In 2014, Dr. Agnes Ip conducted a statistical evaluation of her Parent-Child Assertive Communication Training Program, originally developed in 2003. Below you will find an abstract of her study.
A nonrandom sample of 23 pairs of Chinese immigrant parents and their American-born children (ages 8.8 to 11) were recruited to measure the effectiveness of a 5-week Parent-Child Assertive Communication Training (PC-ACT) program. Using a quasi-experimental Interrupted Time-Series design, both the parents and their child were assessed five weeks before the training (Baseline 1), immediately before the training (Baseline 2), and right after the training (Post-Intervention). The Baseline 2 assessment and the actual training started on the 5th week. Participants were recruited from the normal population in the San Gabriel Valley area of Los Angeles County, California.
At the three measurement times, parents were administered the Relationship Questionnaire (PRQ; Kamphaus & Reynolds, 2006), the Family Functioning Measure (FFM; Wagner et al., 2010), and the Children’s Action Tendency Scale (CATS; Deluty, 1979). (The revised CATS questions asked the parents how they thought their child would respond to each vignette). Parents also completed a general information questionnaire, a program evaluation, and process evaluation to measure their understanding of the lesson content. Children were administered the FFM (adapted slightly for children) and the CATS at the three measurement times; they also completed a program evaluation. The study hypothesized a greater difference between Baseline 2 and the Post Intervention scores than between the Baseline 1 and Baseline 2 scores.

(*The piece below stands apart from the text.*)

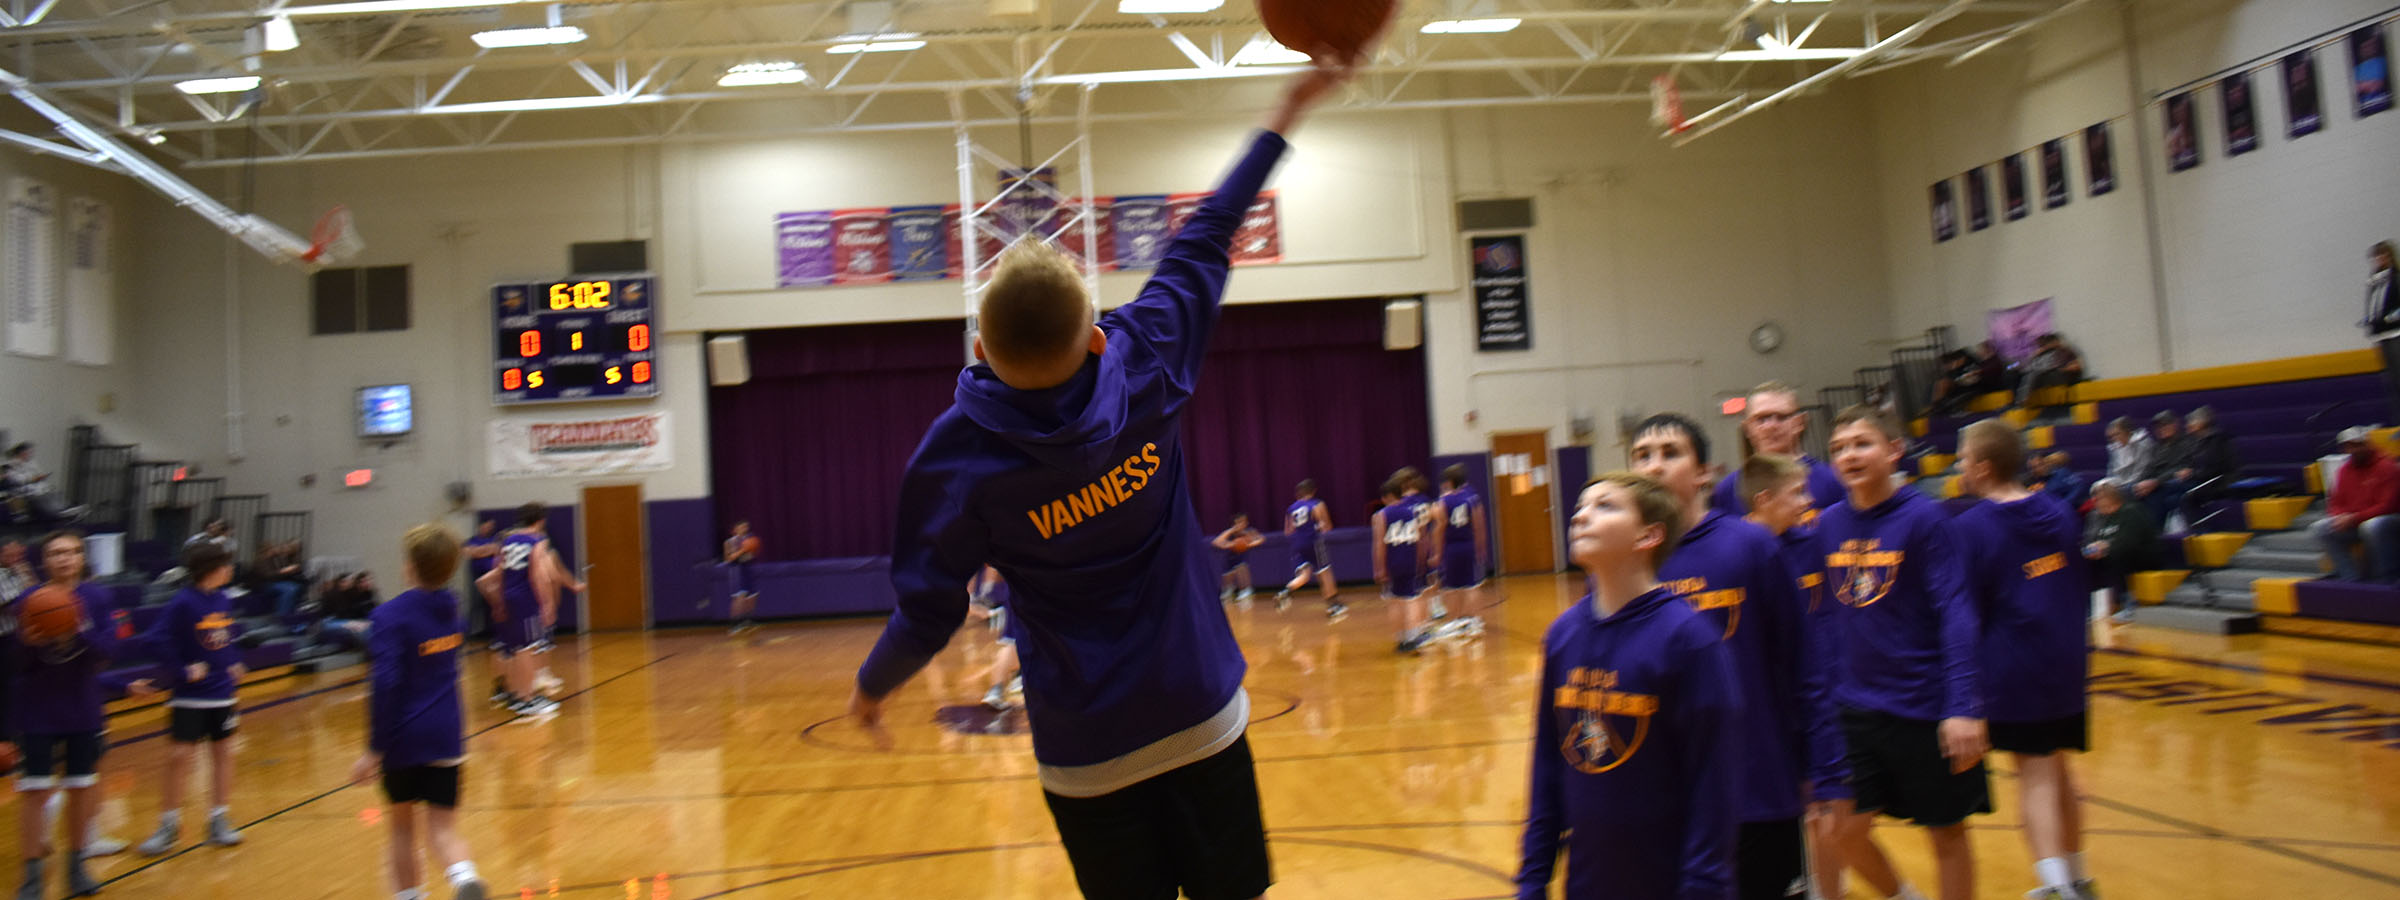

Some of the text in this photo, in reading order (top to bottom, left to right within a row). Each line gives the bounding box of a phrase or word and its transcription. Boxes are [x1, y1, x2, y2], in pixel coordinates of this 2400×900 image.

[520, 330, 541, 357] 0
[571, 331, 583, 351] 1
[628, 323, 650, 352] 0
[1026, 442, 1161, 540] VANNESS
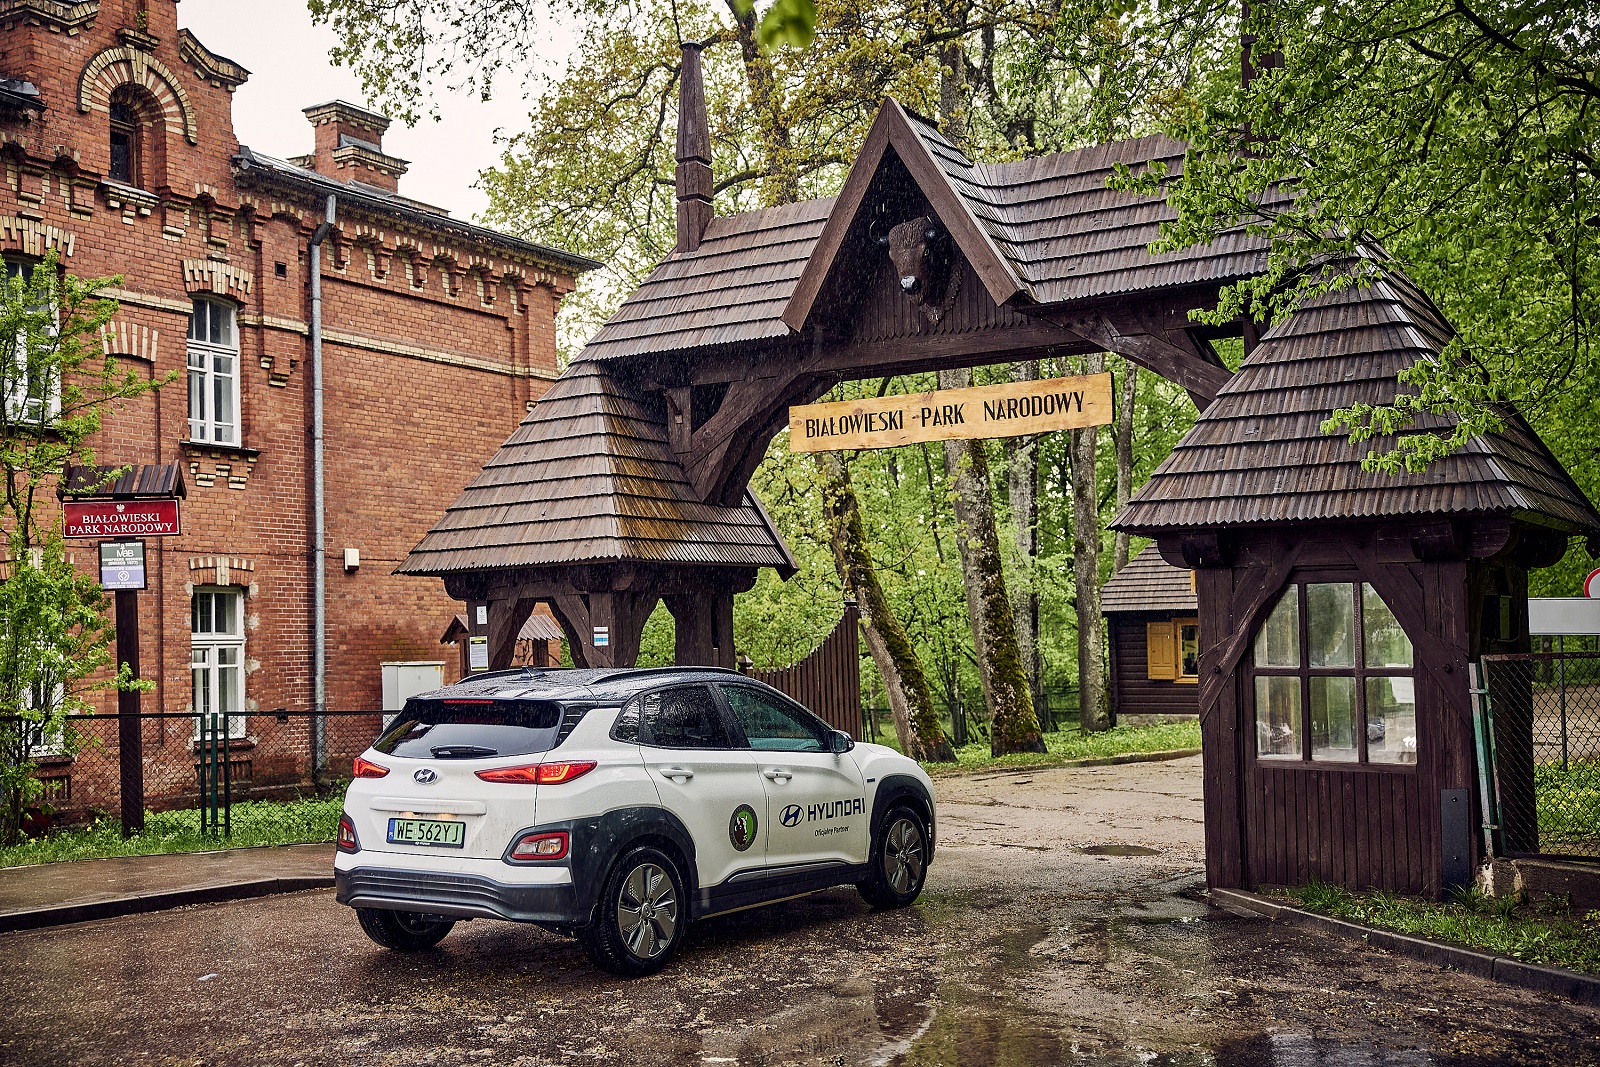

All mean T-scores of the four PRQ subscales (Communication, Discipline Practices, Involvement and Parenting Confidence) reported within normal range. Within the intervention period, PRQ Involvement and Parenting Confidence scores significantly changed in direction consistent with the program’s effectiveness; however, the PRQ Communication and Discipline Practices scores did not change significantly. With slight differences, parents and children demonstrated similar patterns on the subscales of CATS, i.e., significantly increasing scores in Assertiveness, and significantly decreasing scores in both Aggressiveness and Submissiveness. These findings support the effectiveness of the PC-ACT program. The slightly adapted FFM did not appear sensitive enough for Chinese American children. Most of the parents and children evaluated the PC-ACT program very positively. There is a need to develop formal psychometric evaluations and evidence-based parenting programs for Chinese Americans.